The method, optionally, the determining that the battery module is thermally out of control includes:

collecting the temperature of the battery core of the battery module in real time;

judging whether the temperature of the battery cell meets a preset thermal runaway temperature condition or not;

and if the temperature of the battery cell presets a thermal runaway temperature condition, determining that the thermal runaway of the electric module occurs.

The method, optionally, further comprises:

and if the temperature of the battery cell does not meet the preset thermal runaway temperature threshold, determining that the battery module is not in thermal runaway.

Compared with the prior art, the application has the following advantages:

the application provides a battery energy storage system and a thermal runaway control method, the battery energy storage system comprises a control system and a cooling circulation system, the cooling circulation system comprises a fire-fighting liquid cooling unit module and at least one energy storage battery box, each energy storage battery box comprises a liquid cooling unit, at least one battery module and a controllable valve corresponding to each battery module, and therefore under the condition that thermal runaway of each battery module in each energy storage battery box is determined, the connection of the battery module and the liquid cooling unit in the energy storage battery box to which the battery module belongs is controlled to be disconnected through the controllable valve corresponding to the battery module, the battery module is controlled to be connected with the fire-fighting liquid cooling unit module, and cooling liquid is supplied to the battery module with thermal runaway by the fire-fighting liquid cooling unit module. Therefore, according to the scheme, the whole battery box is not required to be controlled to stop charging and discharging, so that the problem that the operation of the whole system is influenced due to the thermal runaway of a single battery cluster is solved, and the battery module with the thermal runaway is independently provided with cooling liquid by the fire-fighting liquid cooling unit module, so that the problem of fault expansion is solved, the safety of the battery energy storage system is further improved, and the online rate and the customer income of the battery energy storage system are improved.

Drawings

In order to more clearly illustrate the embodiments of the present application or the technical solutions in the prior art, the drawings that are required to be used in the embodiments or the description of the prior art will be briefly described below, and it is obvious that the drawings in the following description are only embodiments of the present application, and that other drawings may be obtained according to the provided drawings without inventive effort to a person skilled in the art.

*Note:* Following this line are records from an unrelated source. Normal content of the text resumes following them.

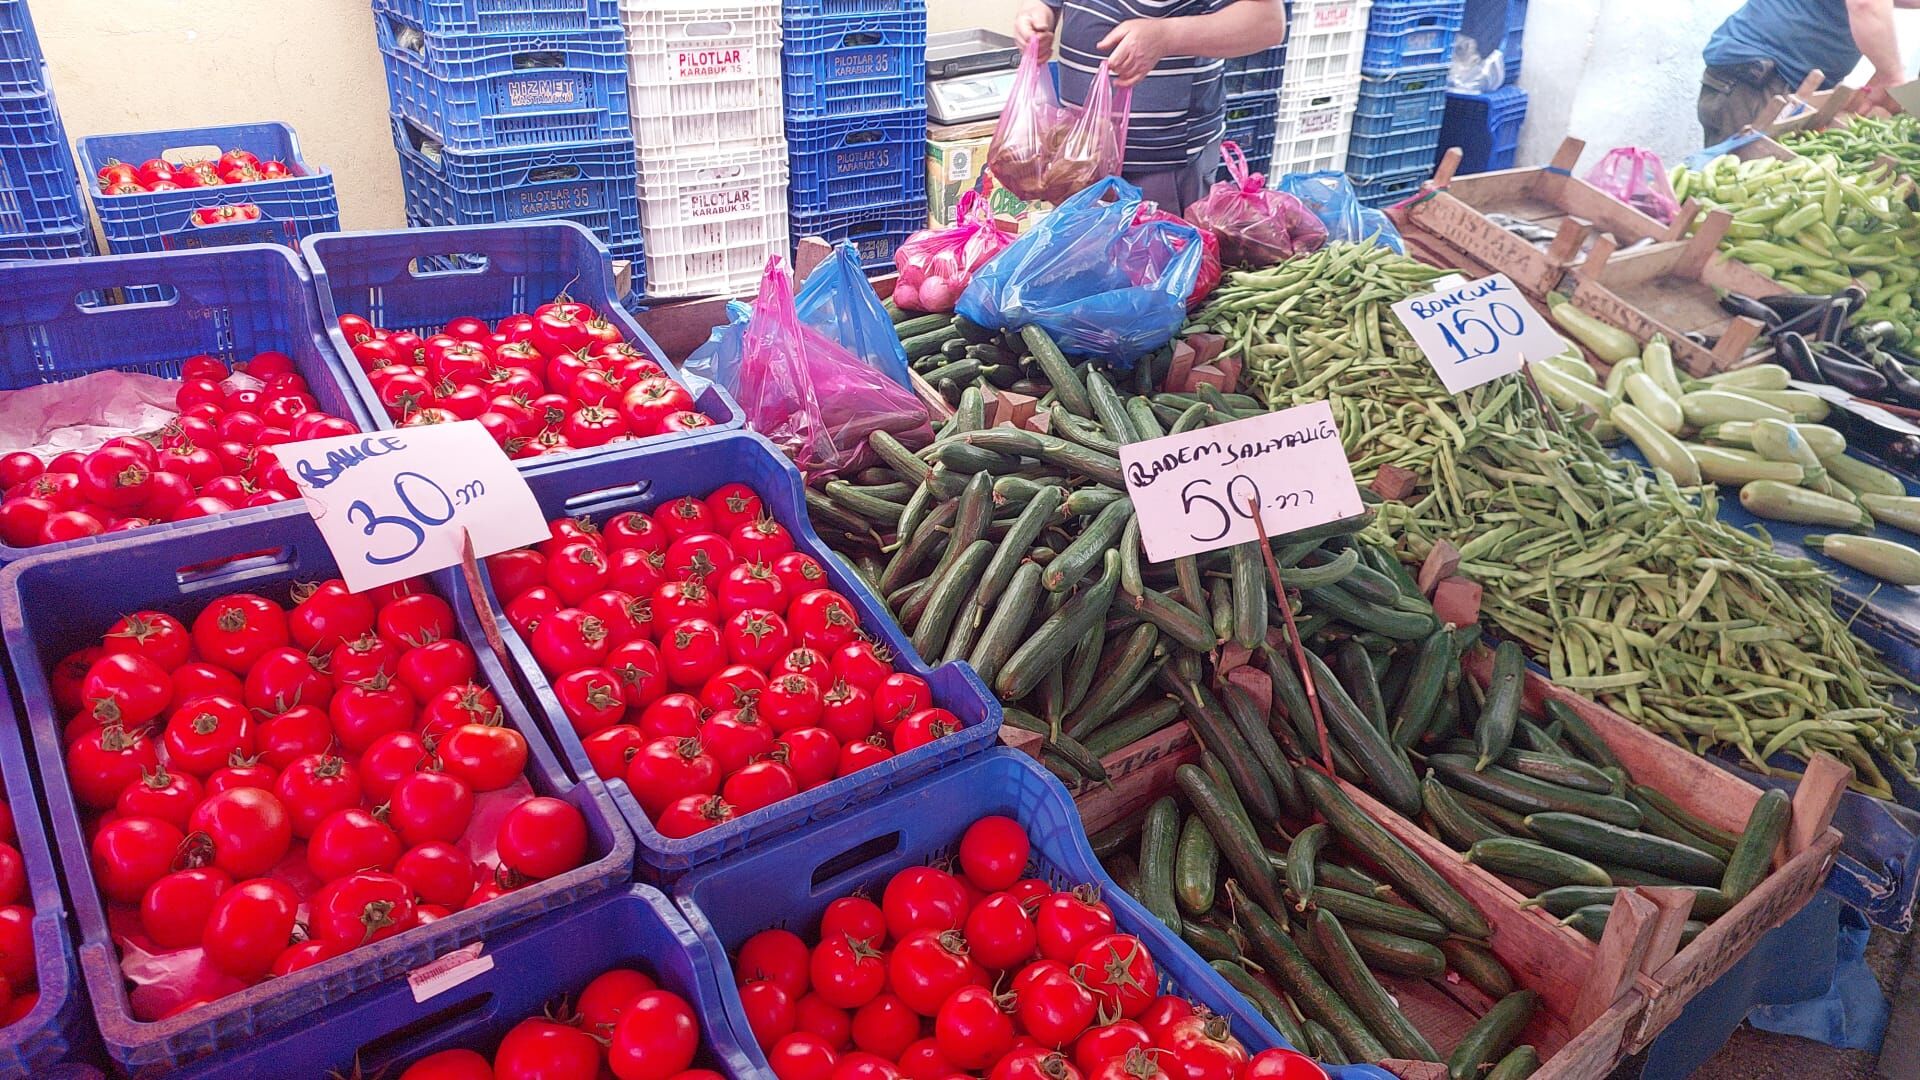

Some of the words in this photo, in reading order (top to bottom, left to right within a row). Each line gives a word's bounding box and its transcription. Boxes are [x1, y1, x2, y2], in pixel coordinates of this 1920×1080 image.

[680, 65, 728, 77] KARABUK
[835, 64, 874, 77] KARABUK
[875, 53, 889, 72] 35
[876, 149, 889, 167] 35
[520, 188, 570, 204] PILOTLAR
[573, 187, 589, 207] 35
[522, 199, 571, 214] KARABUK
[692, 204, 738, 217] KARABUK
[1410, 279, 1512, 320] BONCUK
[1437, 302, 1524, 364] 150

FIG. 1 is a schematic diagram of a conventional submerged cooling circulation system;

FIG. 2 is a schematic diagram of another conventional submerged cooling circulation system;

fig. 3 is a schematic structural diagram of a battery energy storage system provided in the present application;

FIG. 4 is a method flow of a thermal runaway determination method provided herein;

FIG. 5 is a schematic view of a cooling circulation system according to the present application;

fig. 6 is a method flow chart of a thermal runaway control method provided herein.

Detailed Description

The following description of the embodiments of the present application will be made clearly and fully with reference to the accompanying drawings, in which it is evident that the embodiments described are only some, but not all, of the embodiments of the present application. All other embodiments, which can be made by one of ordinary skill in the art without undue burden from the present disclosure, are within the scope of the present disclosure.

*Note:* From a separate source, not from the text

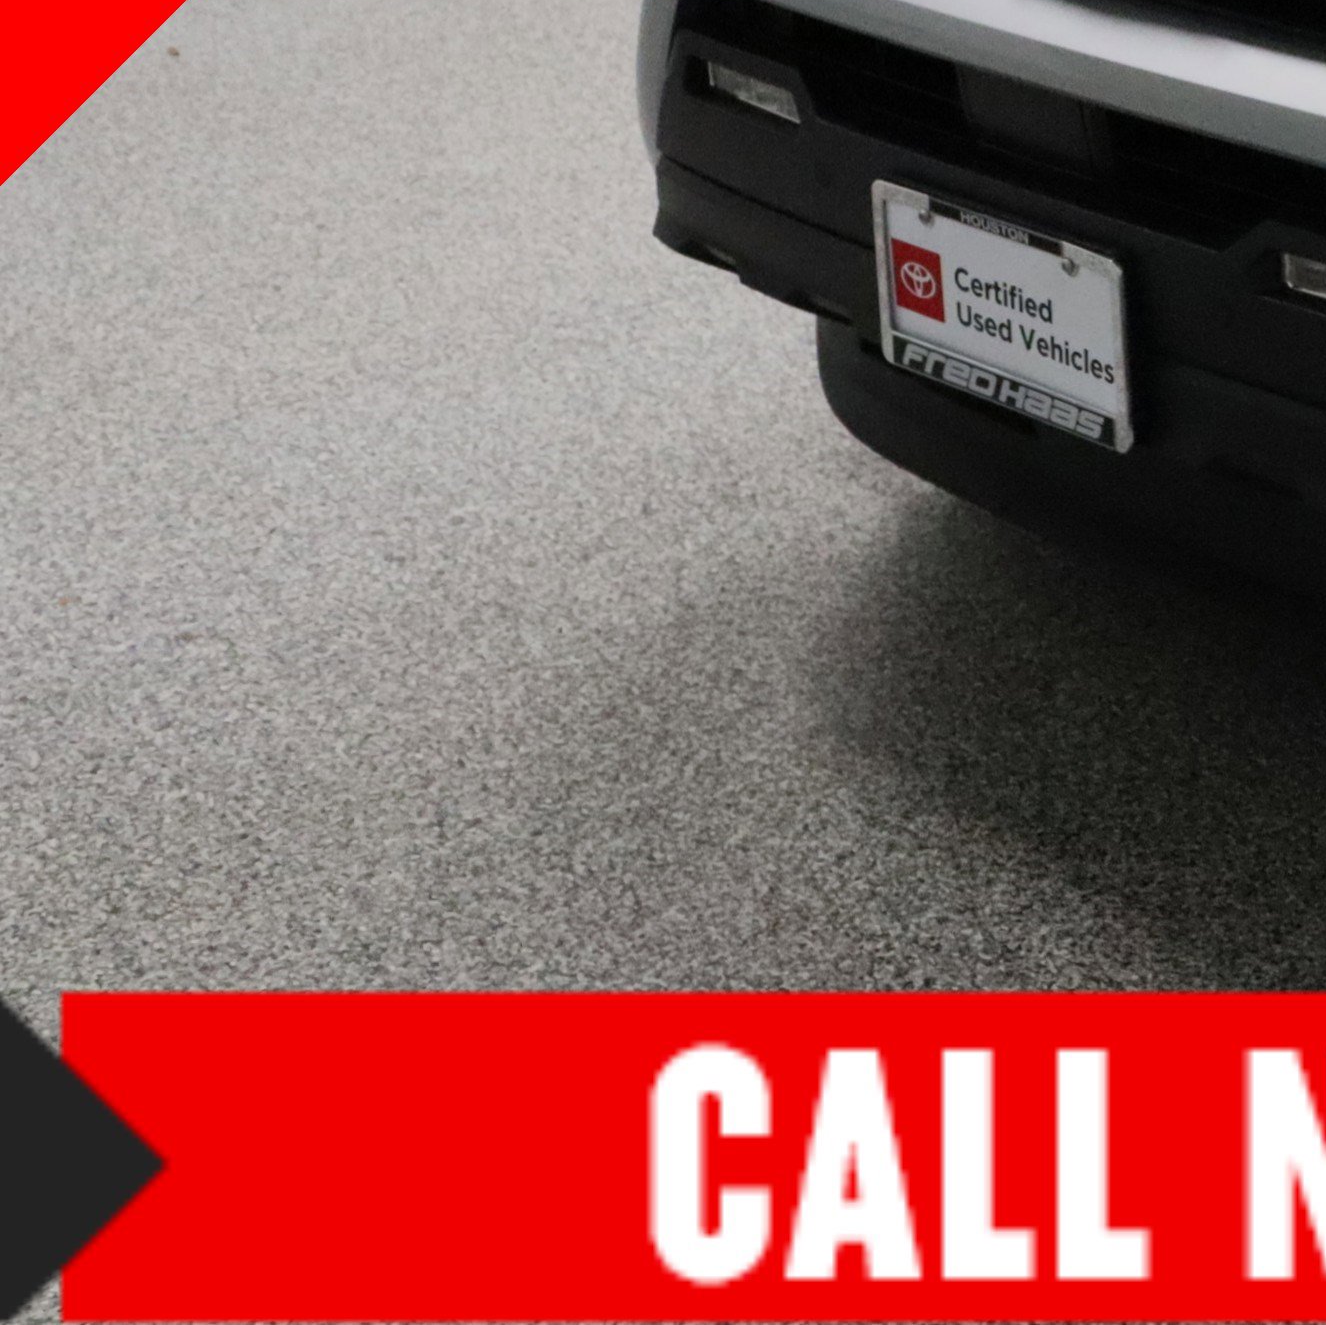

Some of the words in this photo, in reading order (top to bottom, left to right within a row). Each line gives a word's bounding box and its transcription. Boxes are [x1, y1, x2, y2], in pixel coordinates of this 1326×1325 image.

[960, 210, 1030, 245] HOUSTON
[954, 267, 1053, 324] Certified
[956, 302, 1013, 343] Used
[1019, 324, 1115, 384] Vehicles

The term "including" and variations thereof as used herein are intended to be open-ended, i.e., including, but not limited to. The term "based on" is based at least in part on. The term "one embodiment" means "at least one embodiment"; the term "another embodiment" means "at least one additional embodiment"; the term "some embodiments" means "at least some embodiments. Related definitions of other terms will be given in the description below.

It should be noted that the terms "first," "second," and the like herein are merely used for distinguishing between different devices, modules, or units and not for limiting the order or interdependence of the functions performed by such devices, modules, or units.

It should be noted that the references to "one" or "a plurality" in this disclosure are intended to be illustrative rather than limiting, and those of ordinary skill in the art will appreciate that "one or more" is intended to be construed as "one or more" unless the context clearly indicates otherwise.

The subject application is operational with numerous general purpose or special purpose computing device environments or configurations. For example: personal computers, server computers, hand-held or portable devices, tablet devices, multiprocessor devices, distributed computing environments that include any of the above devices or devices, and the like.

Referring to fig. 1, fig. 1 shows a conventional submerged cooling circulation system, in which each battery cluster in an energy storage battery box is directly connected with a liquid cooling unit in the energy storage battery box, and the circulation of cooling liquid in the submerged cooling circulation system is controlled only by the cooling unit, when a battery cell is out of control, that is, after the battery cluster is out of control, the whole energy storage battery box is controlled to stop charging and discharging, and meanwhile, the cooling liquid circulation is accelerated to cool the battery cell, so that failure is prevented from deteriorating.

Referring to fig. 2, fig. 2 shows another conventional submerged cooling circulation system, in which each battery cluster in an energy storage battery box corresponds to a separate electronic valve, and when thermal runaway occurs in a battery core, the whole energy storage battery box is controlled to stop charging and discharging, and meanwhile, the electronic valves of all normal battery clusters are closed, and a cooling liquid circulates only in a faulty battery cluster, so that the temperature reduction of the faulty battery cluster is reduced.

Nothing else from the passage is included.